• [Requirement]
From the line that contains "Some of the text" down to the last line of the data below, restate every line word for word, skipping any images.

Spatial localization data
•••••

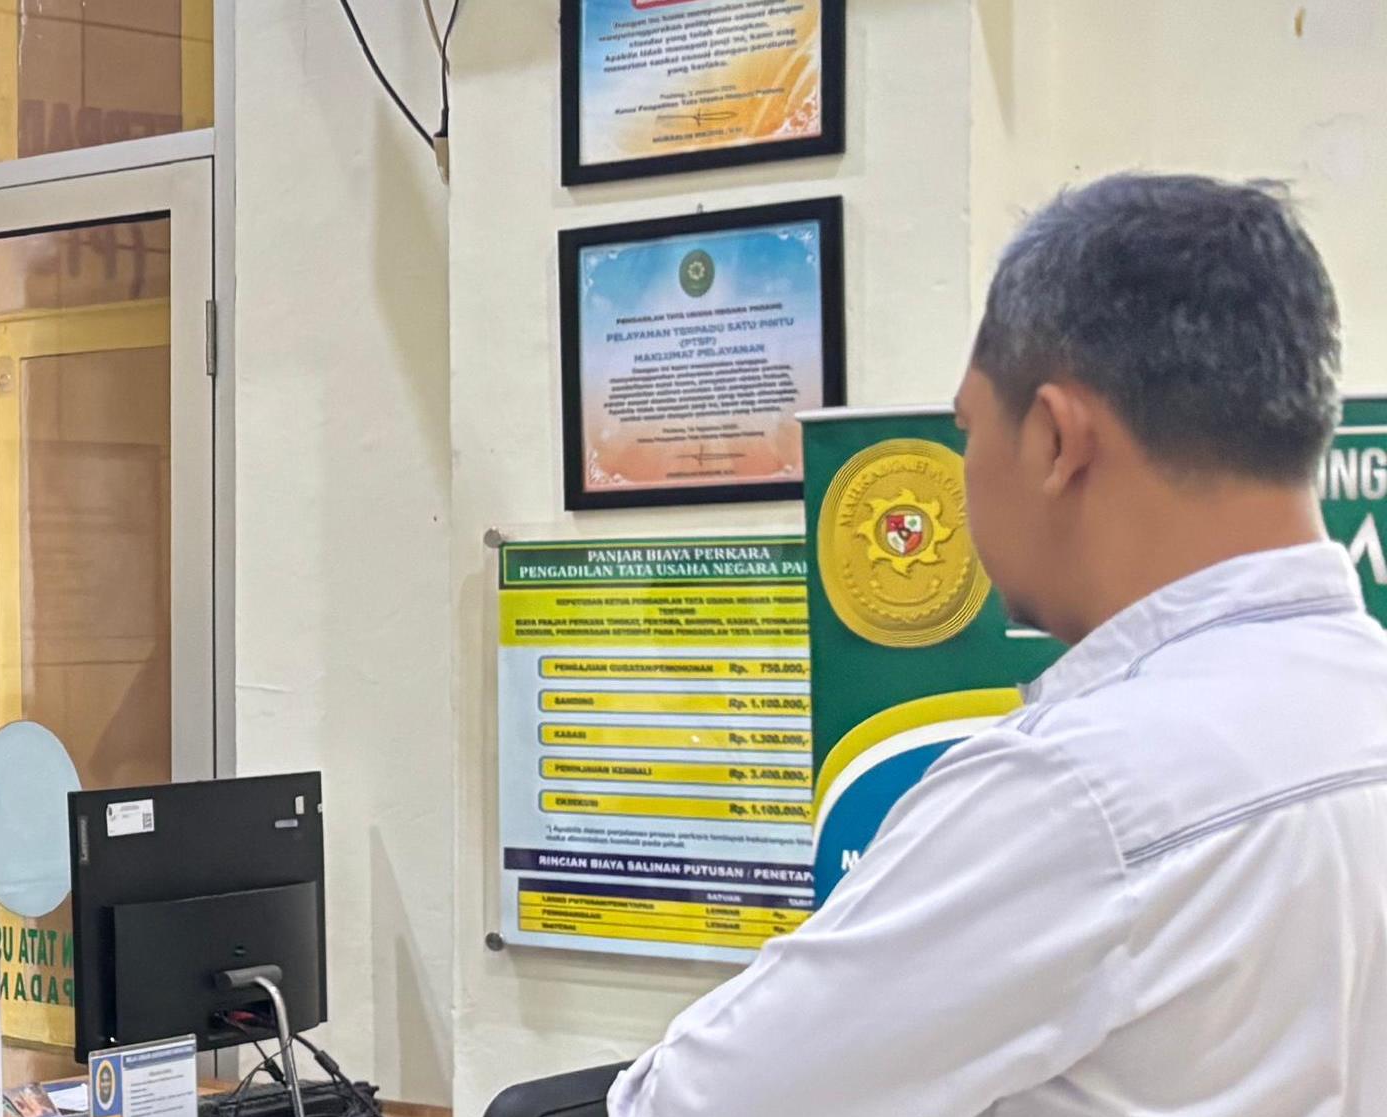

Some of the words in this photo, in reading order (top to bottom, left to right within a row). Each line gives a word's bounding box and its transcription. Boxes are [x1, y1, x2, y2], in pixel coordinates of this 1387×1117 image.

[587, 549, 643, 564] PANJAR
[646, 548, 692, 562] BIAYA
[694, 547, 770, 561] PERKARA
[519, 565, 614, 579] PENGADILAN
[617, 564, 653, 577] TATA
[656, 563, 709, 576] USAHA
[713, 562, 777, 575] NEGARA
[538, 855, 588, 868] RINCIAN
[590, 858, 625, 871] BIAYA
[627, 860, 680, 875] SALINAN
[683, 865, 743, 878] PUTUSAN
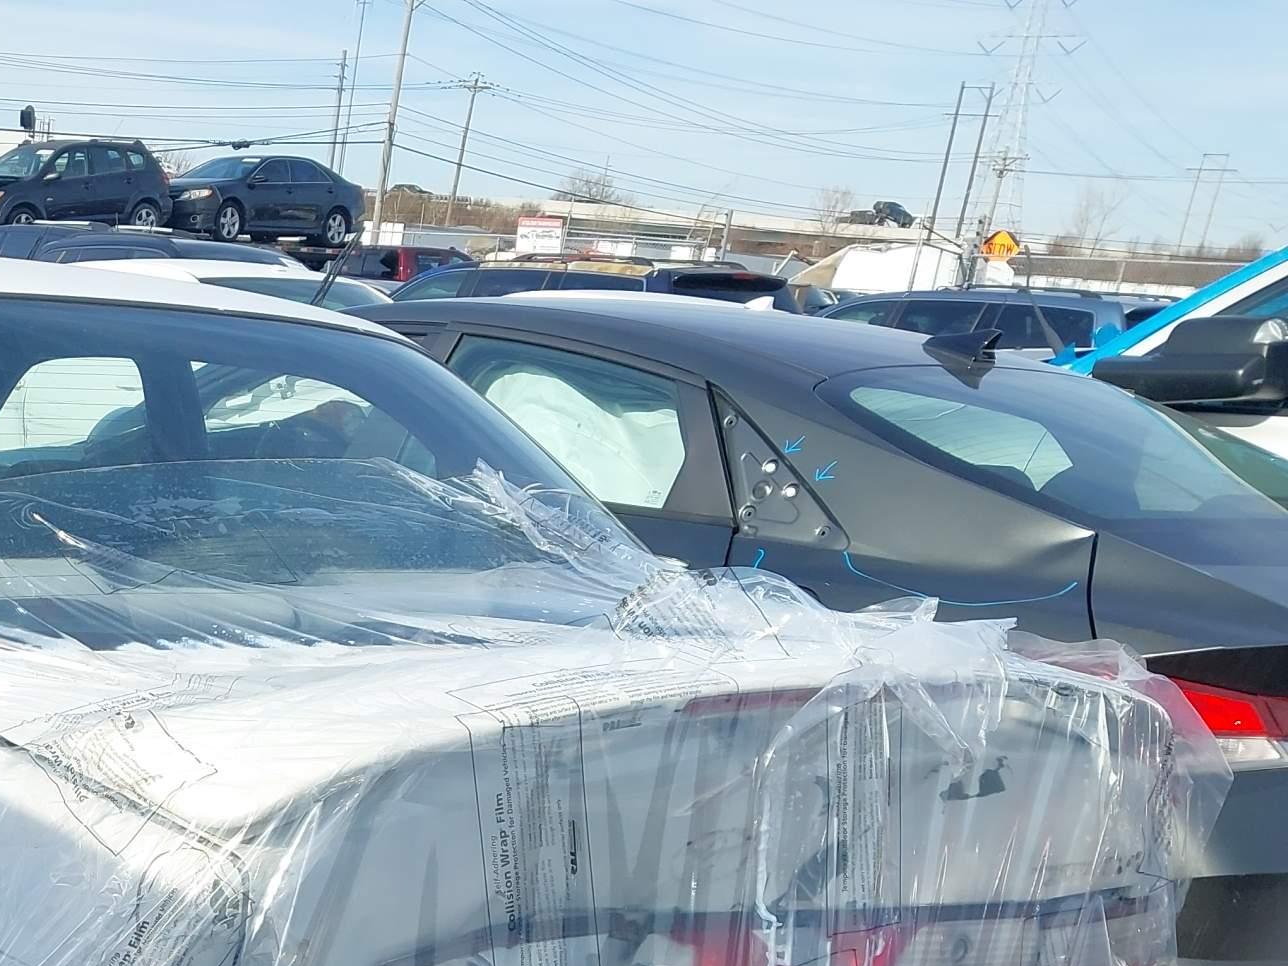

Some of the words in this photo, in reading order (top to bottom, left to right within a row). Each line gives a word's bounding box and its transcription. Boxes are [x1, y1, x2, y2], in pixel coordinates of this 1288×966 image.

[504, 777, 513, 814] Damaged
[841, 760, 849, 796] Protection
[495, 792, 505, 824] Film
[499, 830, 511, 868] Wrap
[511, 830, 519, 870] Protection
[504, 871, 516, 932] Collision
[127, 919, 150, 949] Film
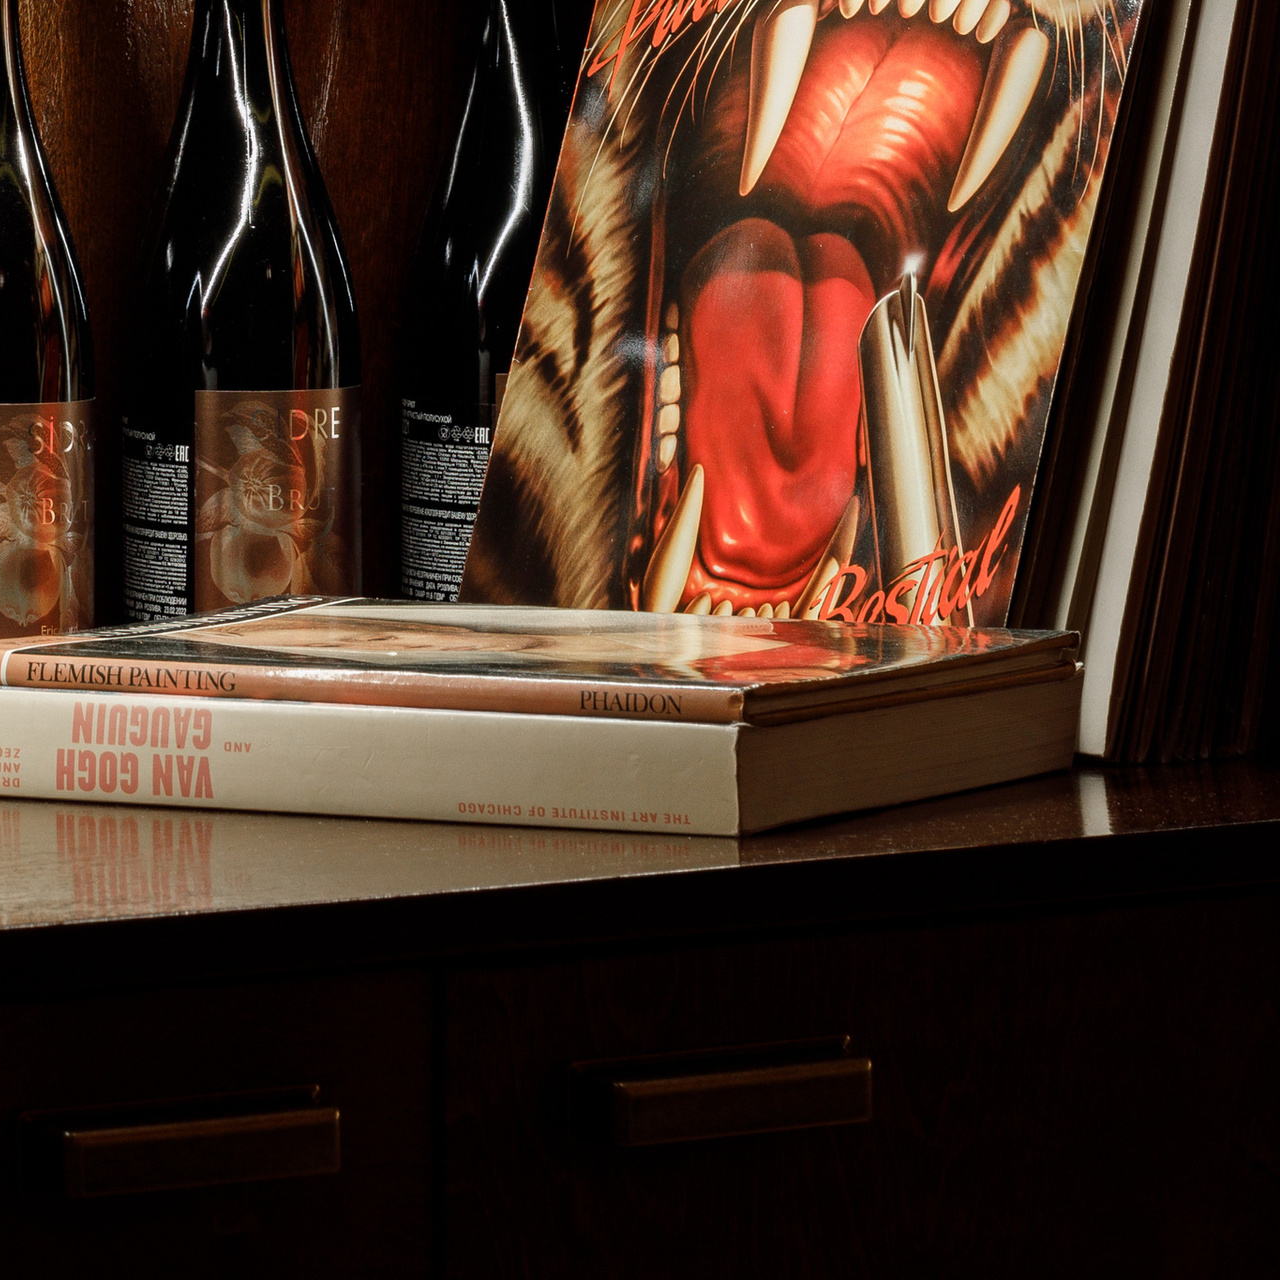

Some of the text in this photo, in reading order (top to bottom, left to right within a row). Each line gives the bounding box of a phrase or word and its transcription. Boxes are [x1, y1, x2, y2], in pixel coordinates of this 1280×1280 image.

[26, 662, 236, 691] FLEMISH PAINTING
[580, 690, 683, 715] PHAIDON
[71, 702, 252, 754] AND GAUGUIN
[56, 748, 214, 799] VAN GOGH
[458, 802, 691, 825] THE ART INSTITUTE OF CHICAGO
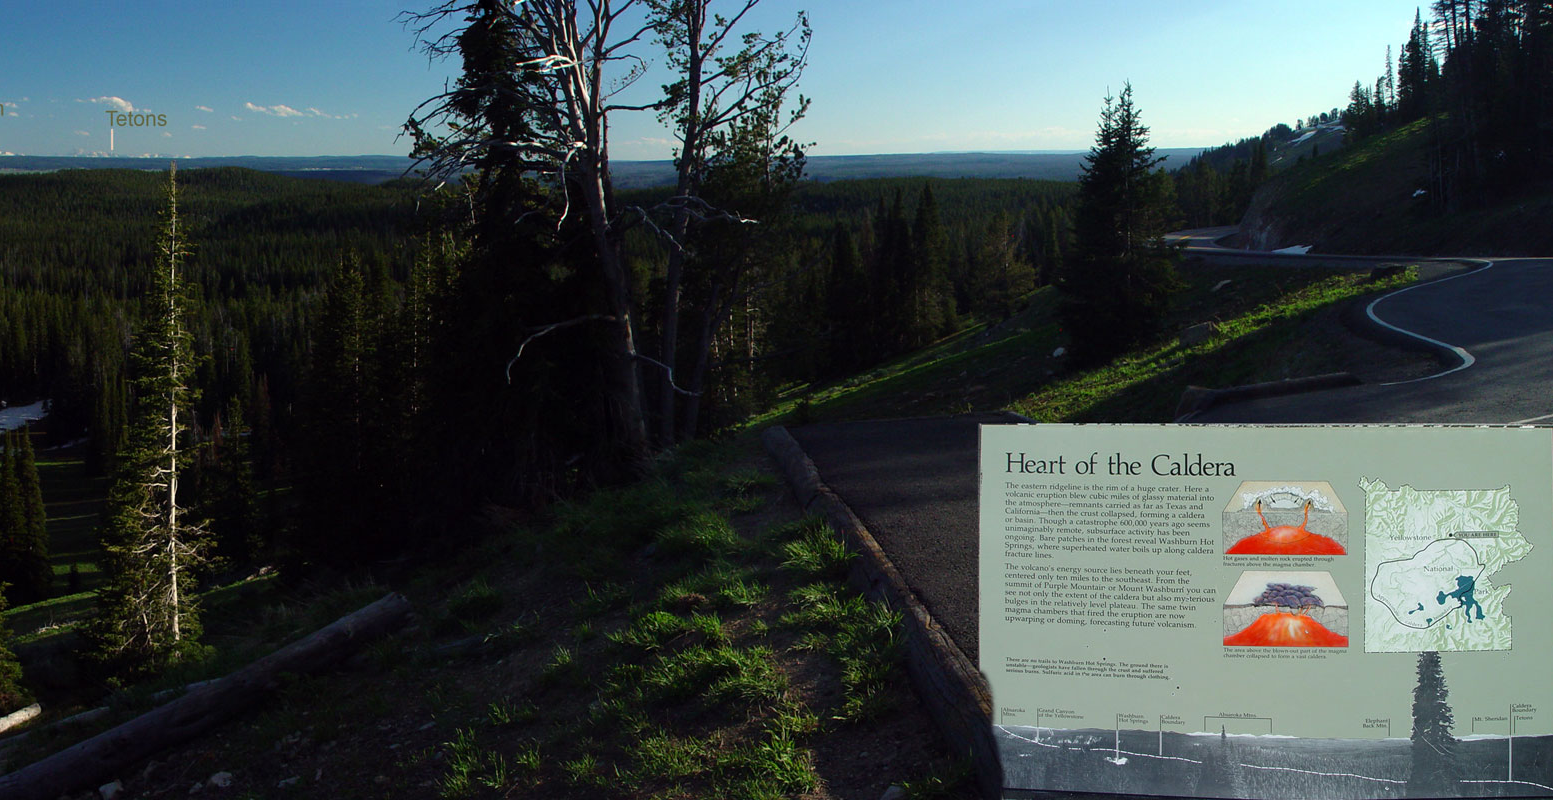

•••••

• [Written answer]
Some of the text in this photo, in reading order (top to bottom, left to right within a row). Each line gives the bounding box of a phrase or word and its transcription. Boxes are [x1, y1, x2, y2], in pixel coordinates of this 1280×1280 image.

[26, 662, 236, 691] FLEMISH PAINTING
[580, 690, 683, 715] PHAIDON
[71, 702, 252, 754] AND GAUGUIN
[56, 748, 214, 799] VAN GOGH
[458, 802, 691, 825] THE ART INSTITUTE OF CHICAGO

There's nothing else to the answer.